Hispanic Federation Statement on the House Vote on PROMESA
June 10, 2016 (New York, NY) – Hispanic Federation has issued the following statement on the US House of Representatives voting to pass H.R. 5278, the “Puerto Rico Oversight, Management, and Economic Stability Act” (PROMESA).
“Yesterday, the U.S. House of Representatives passed H.R. 5278, the “Puerto Rico Oversight, Management, and Economic Stability Act” (PROMESA). Hispanic Federation believes that this vital but imperfect legislation is an important development in addressing Puerto Rico’s debt crisis. We thank Representatives Nydia Velázquez, José Serrano, Pedro Pierluisi and Raúl Grijalva for their tireless efforts and leadership in pressing Congress to act and pushing for needed improvements in this bill.
PROMESA empowers the Commonwealth to restructure its daunting $72 billion debt, while instituting a stay on past, present, and future litigation from creditors. Given the approaching $2 billion debt payment due on July 1st, granting Puerto Rico the tools to renegotiate its debt load is of critical and immediate importance. Only by addressing the short-term debt crisis can Puerto Rico begin what will be an arduous road toward fiscal stabilization and eventually economic growth.
However, Puerto Rico’s economic problems extend beyond its debts. As PROMESA moves to the U.S. Senate for consideration in the next days and weeks, we urge our Senate leaders to remove any and all language that undermines basic labor protections on the island, including the lowering of the federal minimum wage for younger workers. This provision has no business being in this bill and, if enacted, will only work to further impoverish island residents.

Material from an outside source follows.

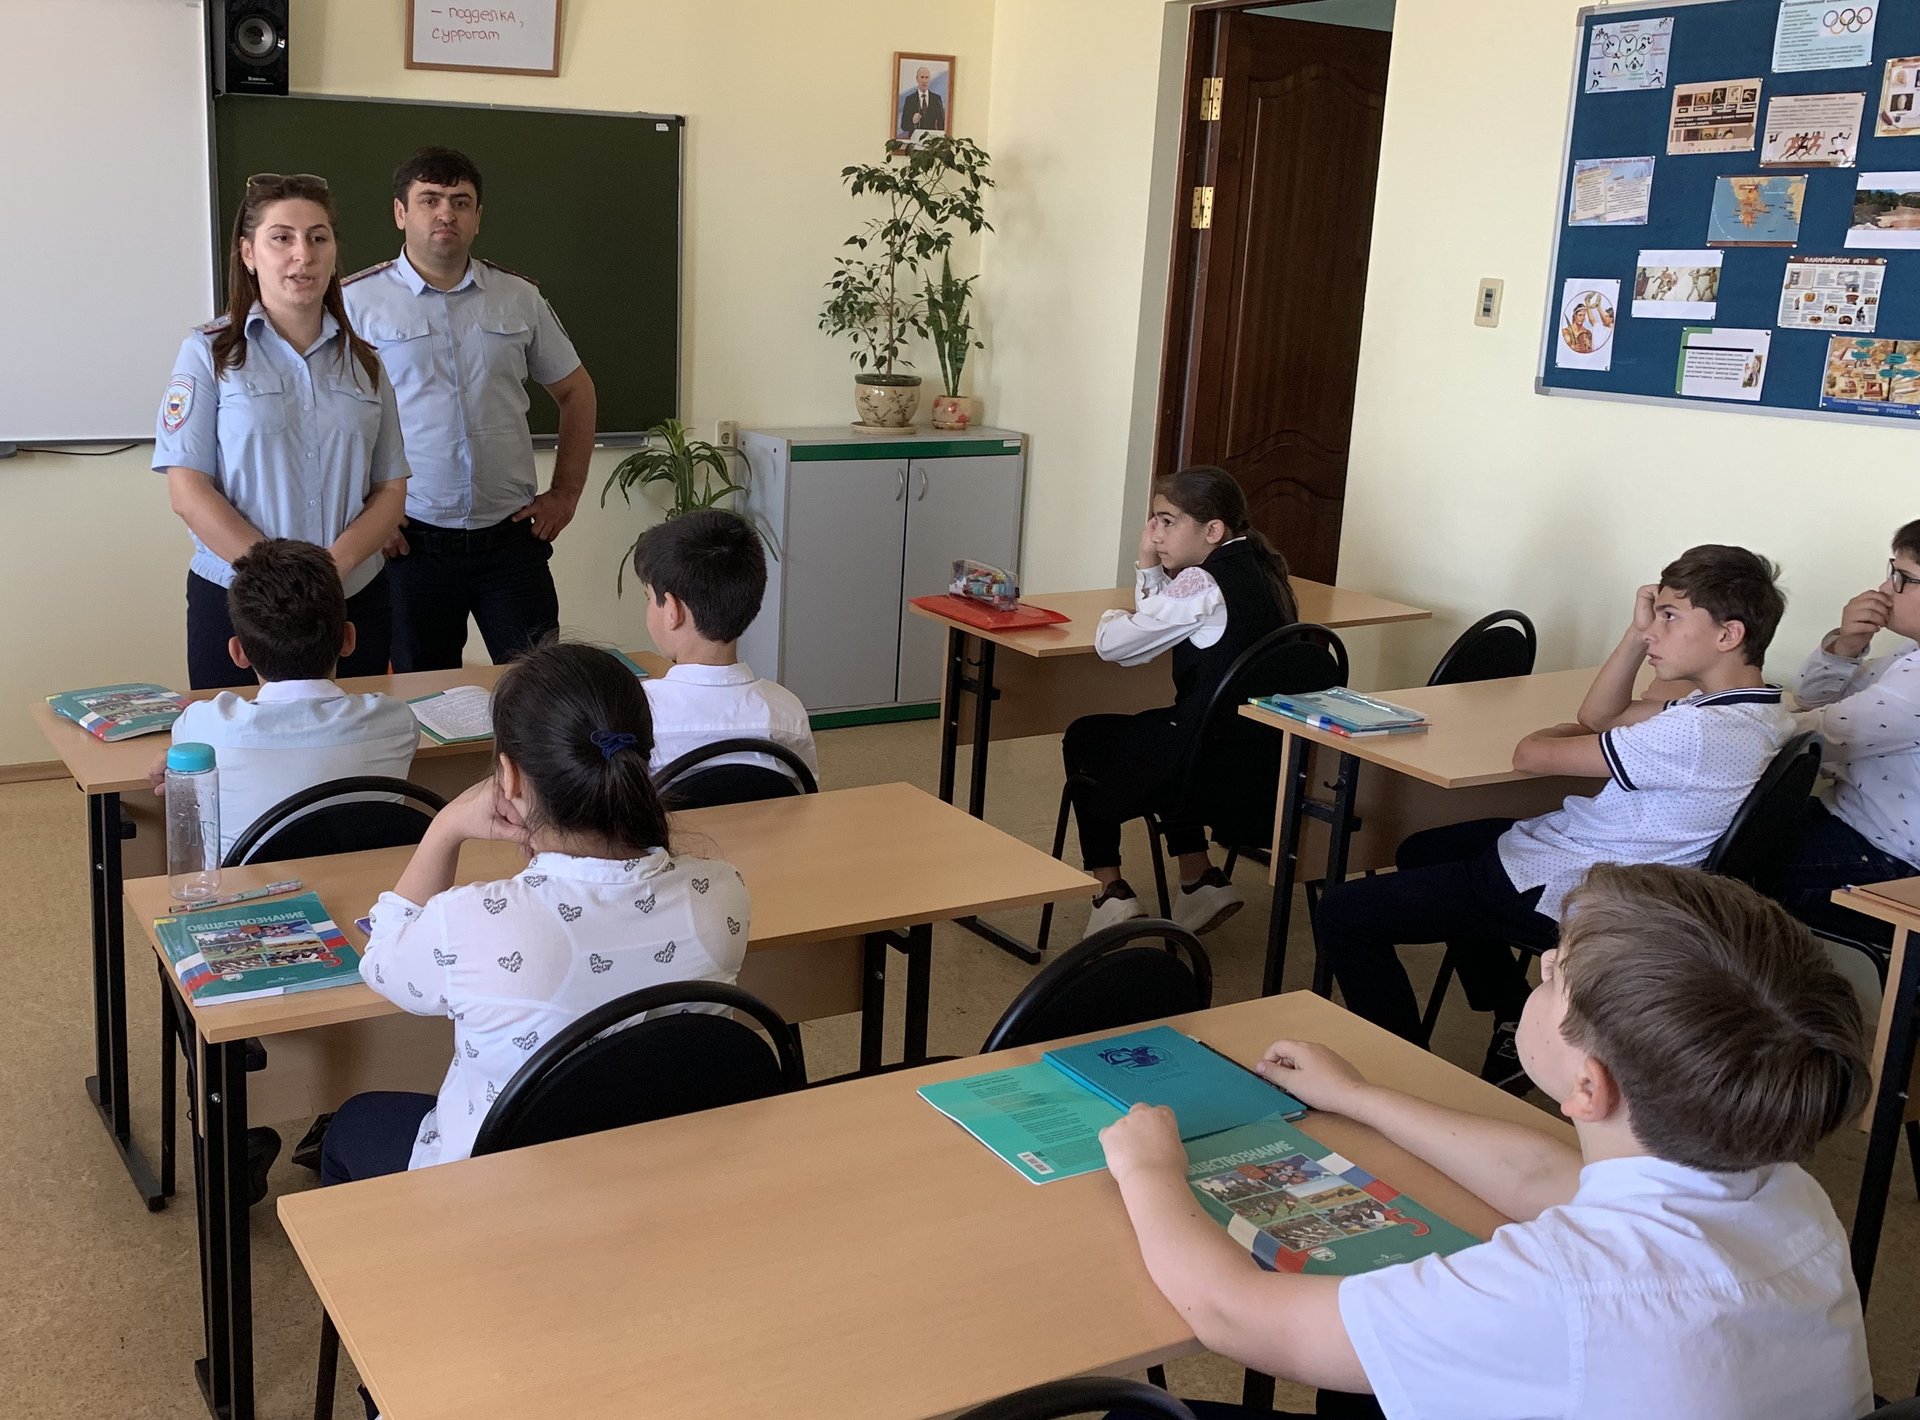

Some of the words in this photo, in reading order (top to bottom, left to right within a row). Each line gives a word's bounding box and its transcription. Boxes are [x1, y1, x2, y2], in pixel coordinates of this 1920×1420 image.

We also ask the Senate to do all it can to protect and prioritize the pension benefits of workers on the island.
We further exhort Congress and the White House to ensure that the makeup of the Financial Oversight and Management Board included in this legislation includes majority island representation. The limited autonomy of the Puerto Rican people cannot be further compromised by the imposition of a control board whose members are disconnected from the island and its 3.5 million U.S. citizen residents.
In addition to these changes in PROMESA, we note, yet again, that the legislation approved today fails to address the health care funding and reimbursement disparities that threaten to undermine the island’s health and hospital system. Congress and the White House must work together to provide Puerto Rico with adequate funding for its health care services.
Moreover, Puerto Rico still needs significant progressive federal tax reforms, increased federal infrastructure and clean energy investments, and a long-term economic growth package that will build the economy in a way that benefits all Puerto Ricans.
We join with the many thousands of Puerto Ricans on the island and in the diaspora who have raised important and serious questions about PROMESA. This bill is far from perfect. But considering the grave economic problems facing the island - and the political realities we face in Washington DC - Hispanic Federation believes that moving this legislation forward with the changes outlined above is necessary to provide Puerto Rico a lifeline right now.”